よく、ビジネスライクというと、相手の感情を考えずに仕事を進めることを考えると思いますが、実はそうではないと感じることがありました。

昔、私が考えていたビジネスは、相手のメリット・デメリットを淡々と並べて、プレゼンするものだと考えていました。
そして、相手の方もそこにメリットがあれば、その人に仕事を依頼する。
要は、得をするか損をするかで仕事がうまくいくかが決まると思っていたのです。

しかし、実際には、大きなビジネスをしている人ほど、人の想いを大切にしていることが分かりました。

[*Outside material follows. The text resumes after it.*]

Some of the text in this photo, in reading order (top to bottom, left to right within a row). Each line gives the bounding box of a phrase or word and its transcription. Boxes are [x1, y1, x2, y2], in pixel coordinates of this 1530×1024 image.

宮城県沖で、風力発電のプロジェクトを進めていたある部長の方のドキュメント番組を見る機会がありました。

その方は、宮城県の漁師の方々と、風力発電施設の建設を巡って、問題を抱えていました。
漁師の方々は、風力発電施設が建設されることによって、魚がとれなくなるのではないかと不安を抱えていました。

ただ、それだけではありません。
新しい設備が突然建設されることによる、企業や国への不信感が払拭できないでいたのです。

それは、長年海と共に生きてきた方にとって、海がたくさんの恵みを与えてくれた家族のような存在だからこそ、理屈では解決できない問題だったのです。

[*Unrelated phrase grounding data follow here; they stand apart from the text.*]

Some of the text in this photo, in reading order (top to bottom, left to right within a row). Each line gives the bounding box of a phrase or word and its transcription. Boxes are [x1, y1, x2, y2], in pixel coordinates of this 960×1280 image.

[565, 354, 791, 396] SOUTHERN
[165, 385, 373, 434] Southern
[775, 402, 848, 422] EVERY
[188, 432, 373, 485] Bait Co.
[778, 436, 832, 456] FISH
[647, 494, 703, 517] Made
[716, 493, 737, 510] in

それは、テレビで見た大きなプロジェクトだけではないと思います。
おそらく、油田や鉱山の発掘等にも、地元の方の理解を得なければならないこともあったでしょう。

どれだけ、地元の方への思いやりを持って事業に臨むかで、事業の成功・失敗が決まると言っても過言ではないと思います。

ビジネスでは、理屈で説明できるよりも、人間力が必要となることが多いことを勉強させていただきました。